The eye-catching concoction has received plenty of attention since they made its first campus commute in late February. Strangers pull over to learn more about the strange sled. A simple stand-alone picture of the bike-sled combo earned more than 150 shares and dozens of comments on UAF’s Facebook page, making it by far the most popular post of the month.
The still-unnamed machine owes its existence, in part, to Osowski’s former life as a UAF mechanical engineering student.
Although Polaris makes kits for marrying motorcycles and snowmachines, they’re designed for much newer bikes than the 40-year-old Honda. Osowski manufactured many of the necessary parts with the help of the machine shop at the College of Engineering and Mines, and relied on an assortment of odd purchases from eBay and Amazon to piece those items together. The centerpiece was the XL500, a project bike that had been out of service since it was damaged in a crash last summer.
Osowski figured the various parts totaled about $2,300, combined with a few months’ worth of labor.
“We’ve kind of got this motorcycle addiction,” Norris said. “I guess we just couldn’t do without one in the winter.”

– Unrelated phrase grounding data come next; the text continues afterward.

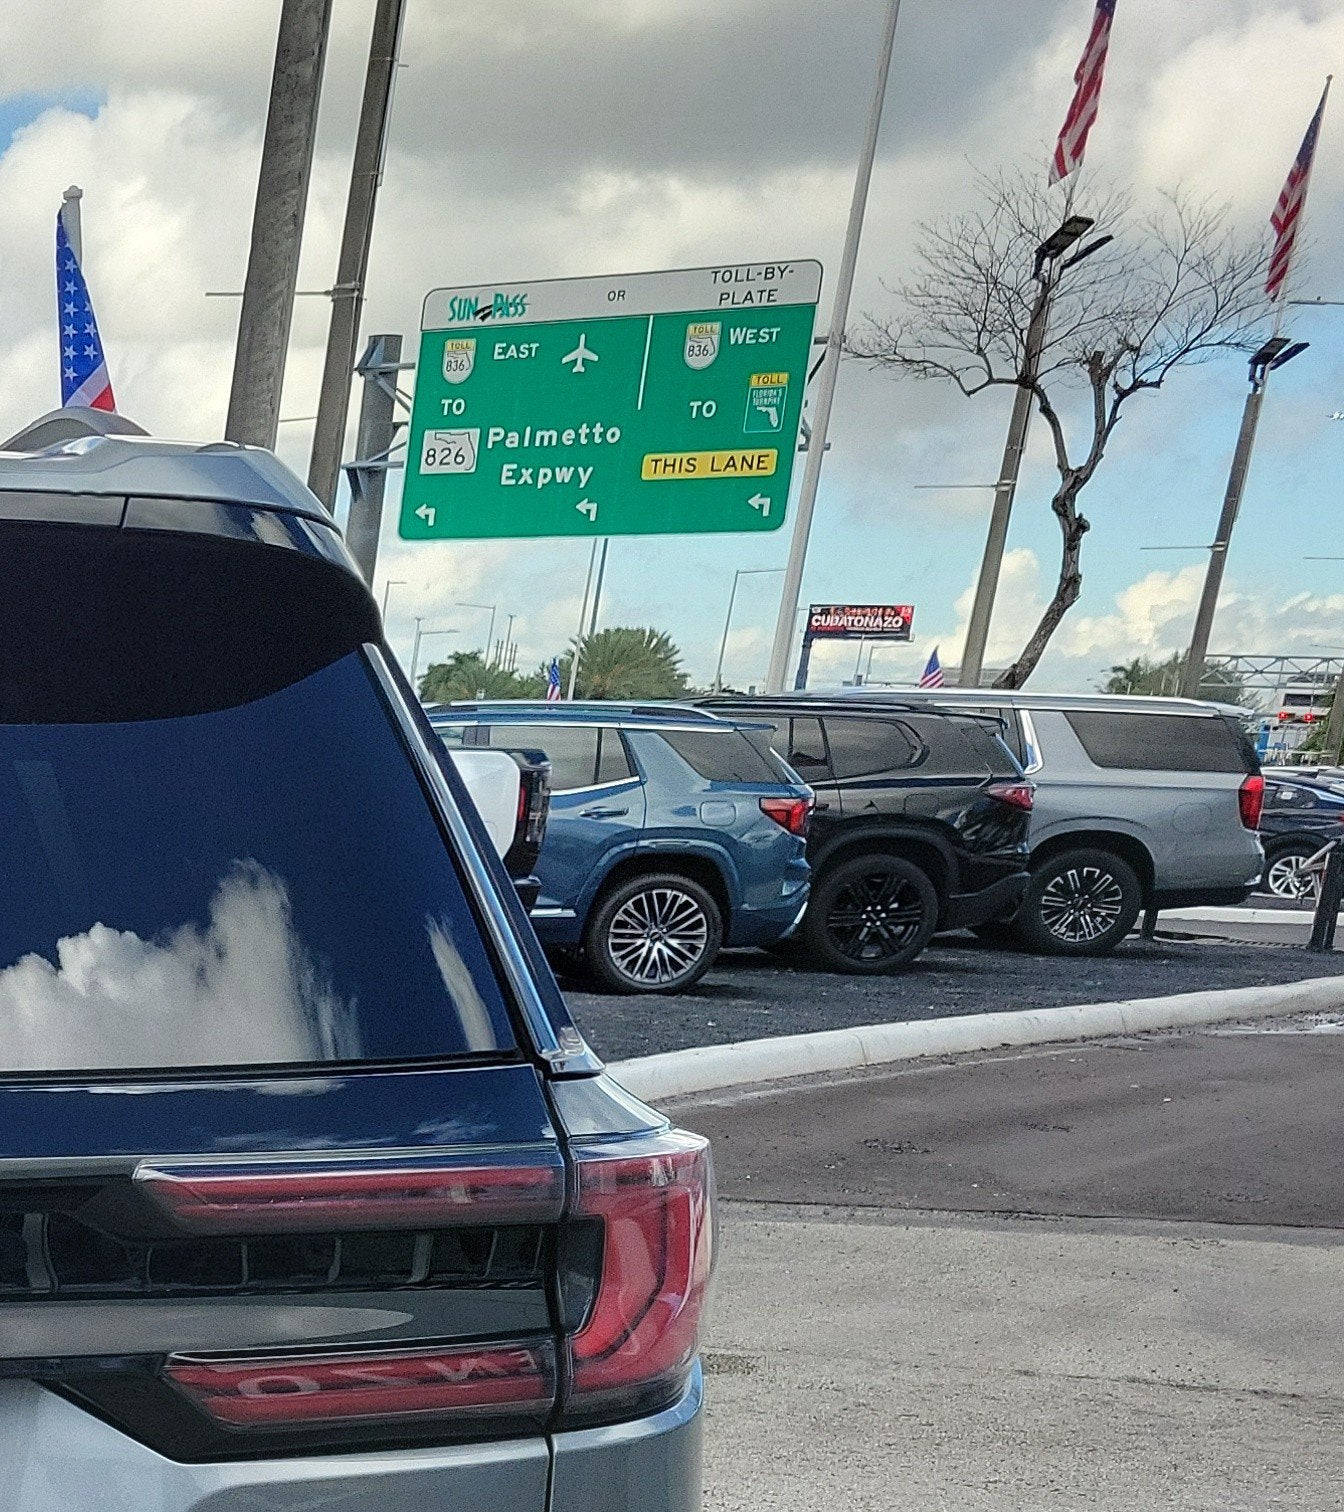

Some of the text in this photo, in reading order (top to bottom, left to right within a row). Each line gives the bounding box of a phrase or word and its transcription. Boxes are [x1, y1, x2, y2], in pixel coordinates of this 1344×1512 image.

[711, 265, 795, 285] TOLL-BY-
[607, 289, 626, 302] OR
[718, 289, 779, 306] PLATE
[692, 325, 716, 334] TOLL
[728, 327, 781, 345] WEST
[449, 342, 472, 350] TOLL
[492, 342, 540, 361] EAST
[687, 344, 710, 358] 836
[445, 359, 466, 373] 836
[756, 374, 784, 385] TOLL
[441, 398, 466, 416] TO
[688, 400, 717, 419] TO
[486, 421, 622, 449] Palmetto
[424, 447, 467, 468] 826
[650, 454, 770, 476] THIS LANE
[500, 463, 595, 490] Expwy
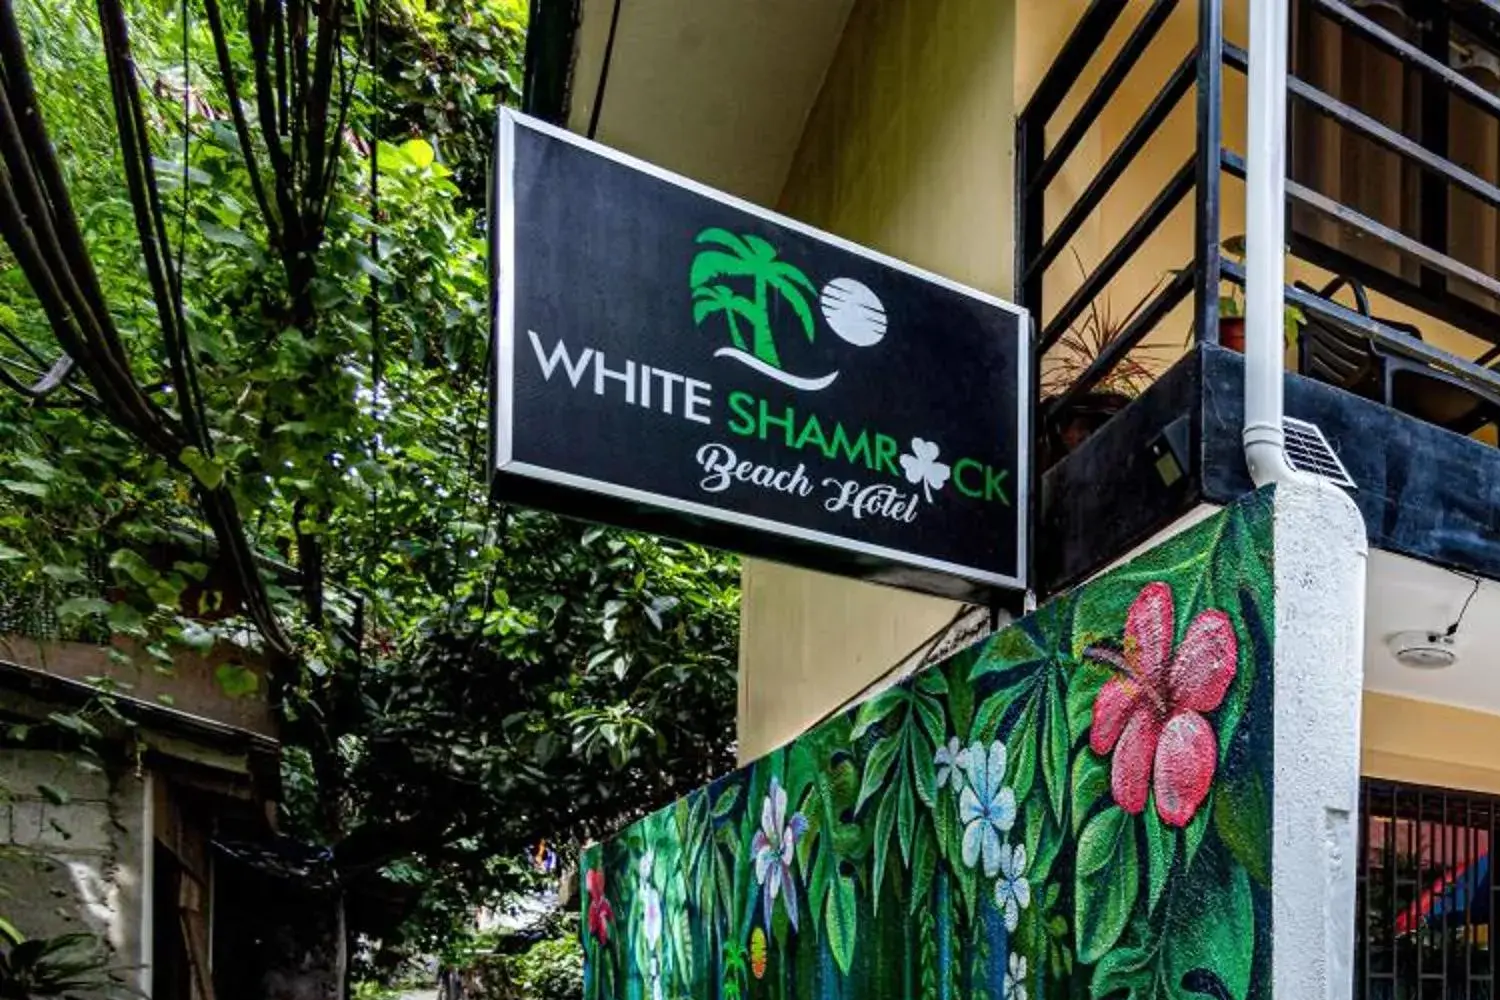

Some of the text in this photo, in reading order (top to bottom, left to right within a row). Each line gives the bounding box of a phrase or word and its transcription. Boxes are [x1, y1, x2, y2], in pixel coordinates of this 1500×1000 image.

[528, 329, 711, 424] WHITE
[695, 443, 919, 523] Beach Hotel
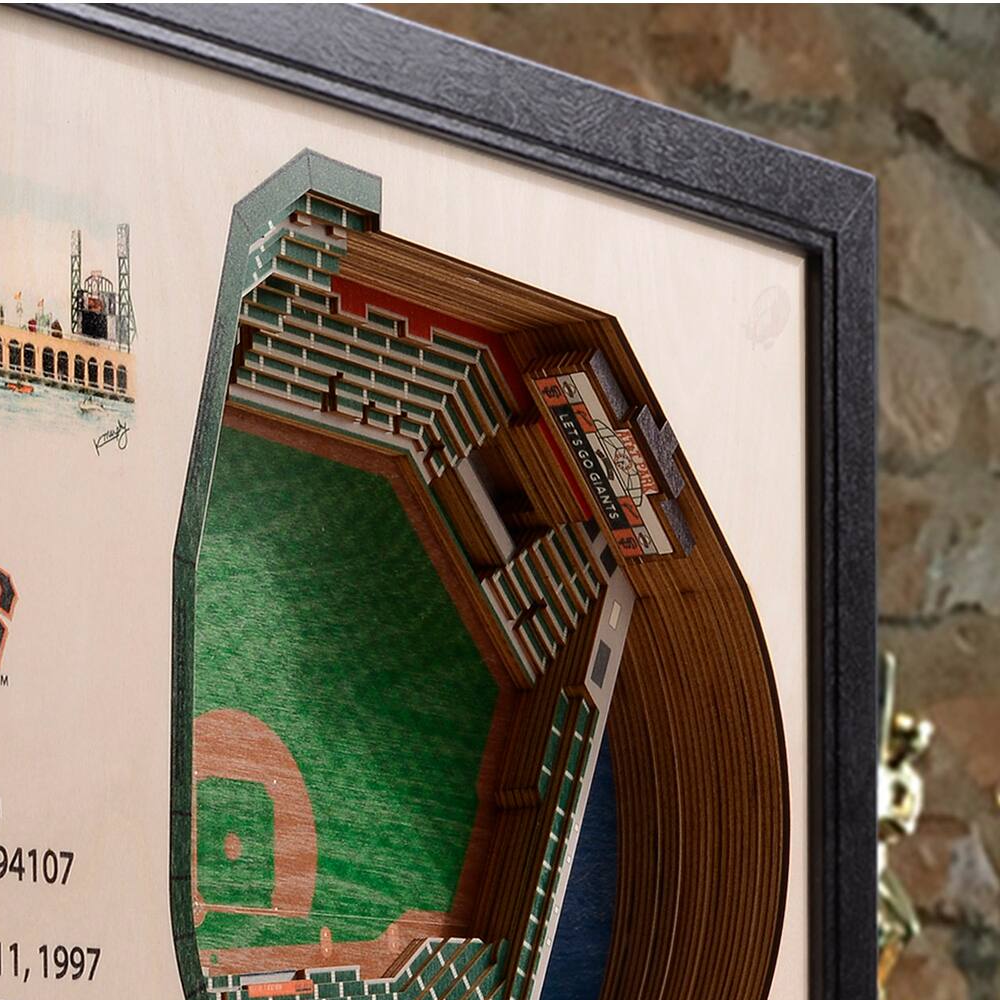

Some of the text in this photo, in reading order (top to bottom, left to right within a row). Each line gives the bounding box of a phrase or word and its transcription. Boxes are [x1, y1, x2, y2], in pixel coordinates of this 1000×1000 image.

[559, 413, 583, 447] LETS
[577, 449, 594, 470] GO
[589, 472, 620, 520] GIANTS
[636, 463, 659, 493] PARK
[38, 944, 101, 981] 1997
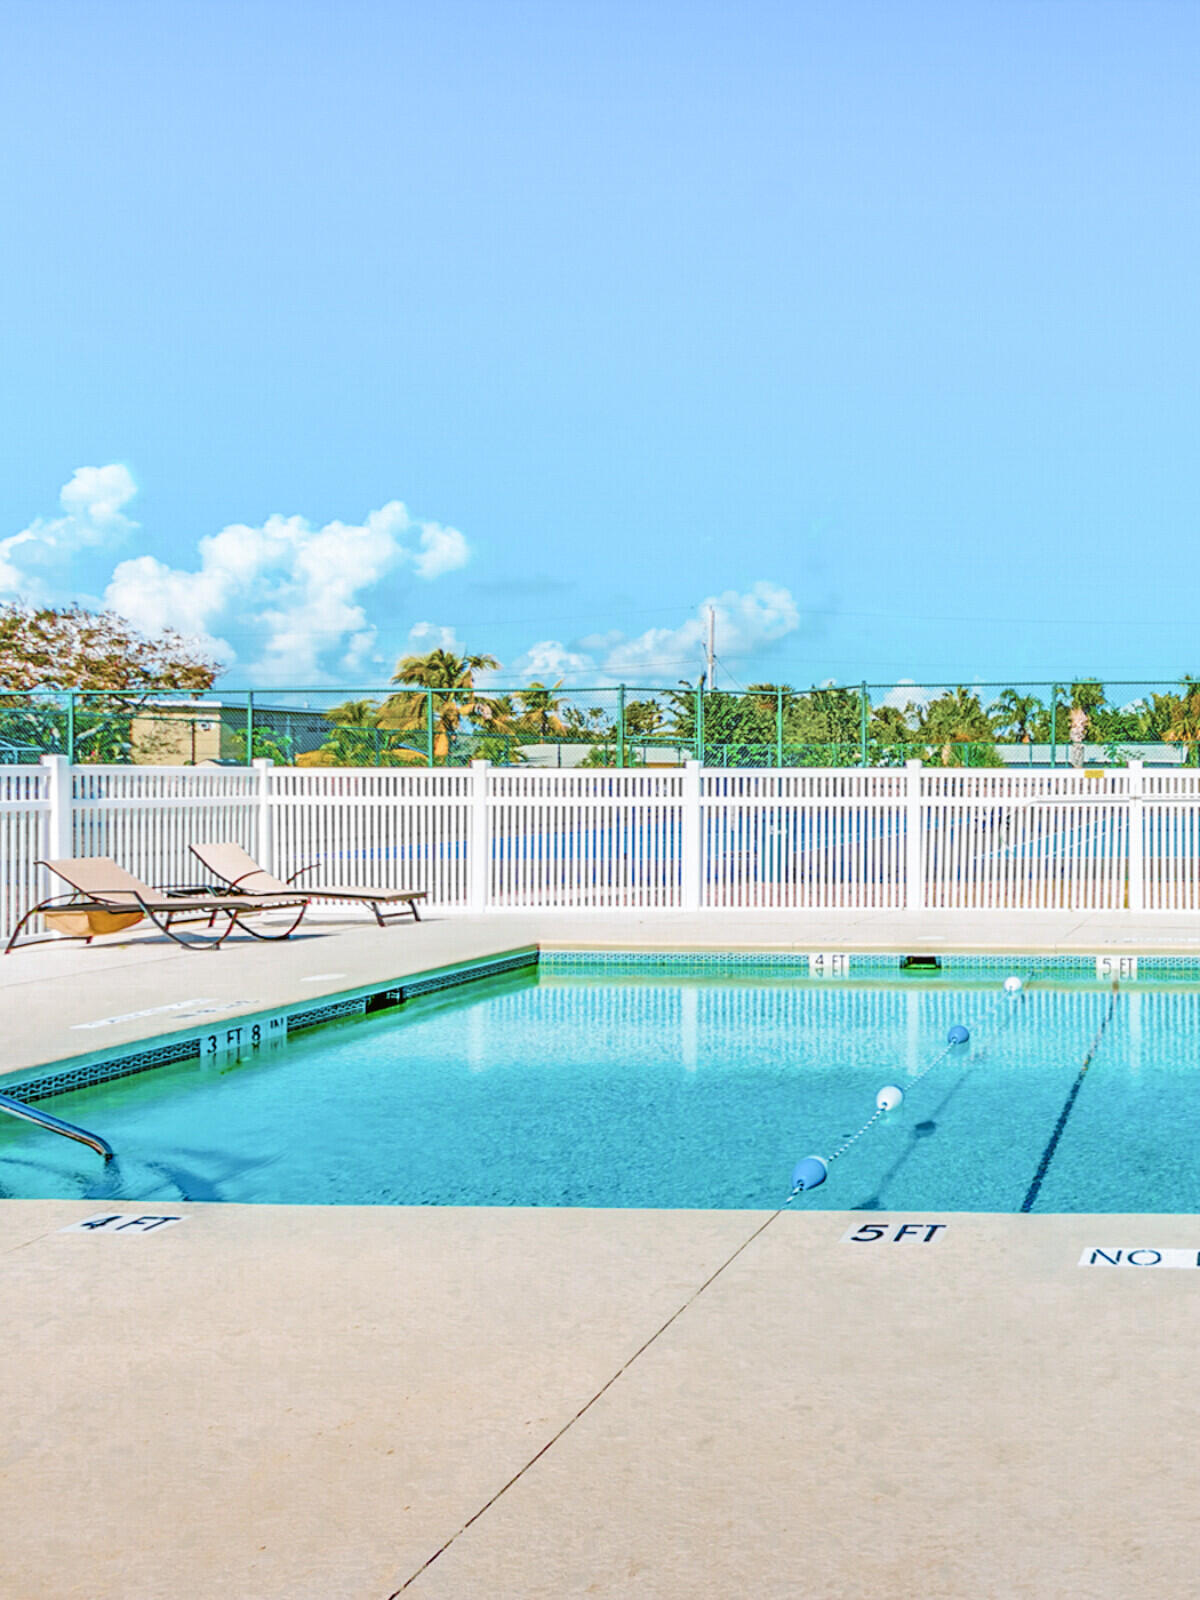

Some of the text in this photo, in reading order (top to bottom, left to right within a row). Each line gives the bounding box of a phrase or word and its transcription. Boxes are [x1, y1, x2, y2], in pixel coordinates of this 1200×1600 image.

[815, 954, 824, 967] 4
[1103, 957, 1112, 972] 5
[207, 1035, 217, 1055] 3
[227, 1027, 243, 1044] FT
[252, 1024, 261, 1041] 8
[80, 1215, 182, 1231] 4 FT
[851, 1224, 947, 1242] 5 FT
[1090, 1248, 1163, 1266] NO

After their snowbike was running, the next challenge was learning how to ride it before the spring snowpack melted away. Both Norris and Osowski are experienced snowmachine drivers, but they had to figure out how to pilot a single-ski sled. After a few weeks of practice — and a top speed of nearly 40 mph — they’re hooked.
“We’ve wrecked it a lot,” Osowski said with a smile. “But this has been far more fun, I’d say.”